Description of the task:
Below is a block of records: output all of them exactly and leave out the pictures.

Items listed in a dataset
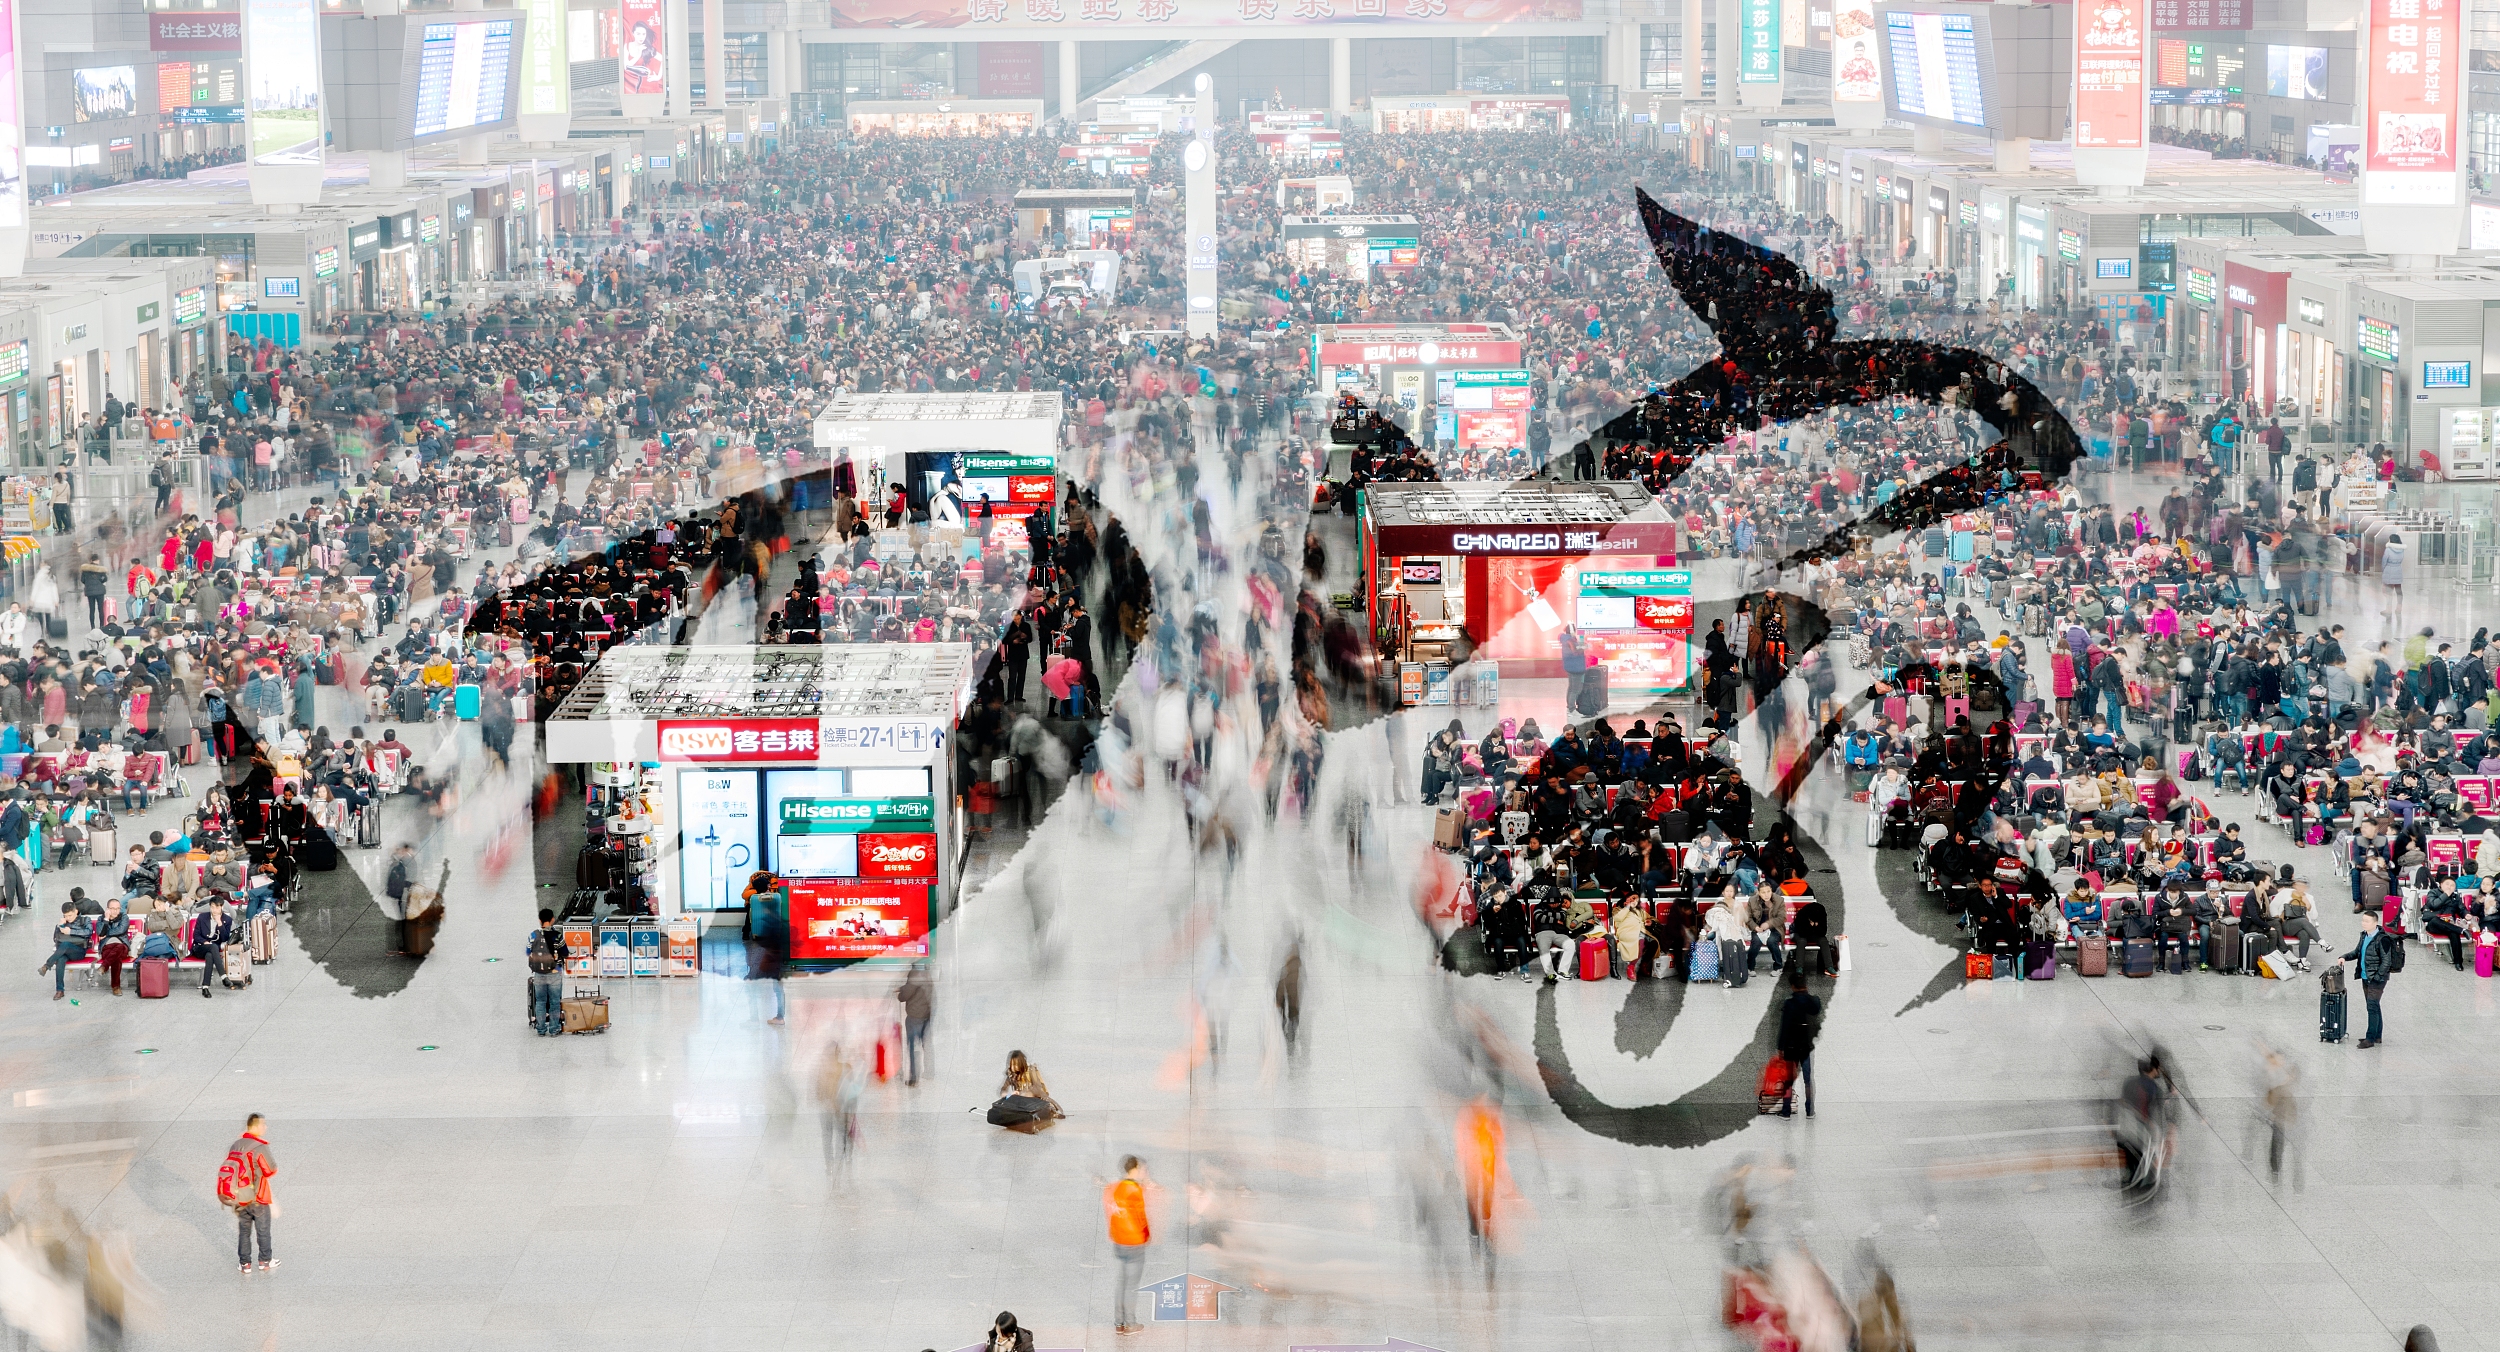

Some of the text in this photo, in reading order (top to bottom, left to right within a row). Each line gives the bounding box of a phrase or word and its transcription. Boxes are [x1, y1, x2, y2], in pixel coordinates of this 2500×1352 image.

[2156, 1, 2241, 9] 民主 文明 和谐
[2156, 9, 2241, 17] 平等 公正 法治
[2156, 18, 2241, 26] 敬业 诚信 友善
[2081, 60, 2140, 70] 互联网理财项目
[2350, 210, 2359, 220] 19
[50, 233, 59, 242] 19
[1457, 371, 1500, 380] Hisense
[966, 458, 1018, 467] Hisense
[1582, 573, 1647, 585] Hisense
[1645, 604, 1687, 617] 2016
[733, 729, 814, 753] 客吉莱
[823, 726, 894, 748] 检票口 27-1
[708, 780, 731, 790] B&W
[784, 803, 871, 818] Hisense
[870, 845, 926, 862] 2016
[884, 864, 912, 872] 新年快乐
[817, 897, 901, 907] 海信 ULED 超画质电视

Response for this exercise:
Some of the text in this photo, in reading order (top to bottom, left to right within a row). Each line gives the bounding box of a phrase or word and its transcription. Boxes are [x1, y1, x2, y2], in pixel coordinates of this 2500×1352 image.

[2156, 1, 2241, 9] 民主 文明 和谐
[2156, 9, 2241, 17] 平等 公正 法治
[2156, 18, 2241, 26] 敬业 诚信 友善
[2081, 60, 2140, 70] 互联网理财项目
[2350, 210, 2359, 220] 19
[50, 233, 59, 242] 19
[1457, 371, 1500, 380] Hisense
[966, 458, 1018, 467] Hisense
[1582, 573, 1647, 585] Hisense
[1645, 604, 1687, 617] 2016
[733, 729, 814, 753] 客吉莱
[823, 726, 894, 748] 检票口 27-1
[708, 780, 731, 790] B&W
[784, 803, 871, 818] Hisense
[870, 845, 926, 862] 2016
[884, 864, 912, 872] 新年快乐
[817, 897, 901, 907] 海信 ULED 超画质电视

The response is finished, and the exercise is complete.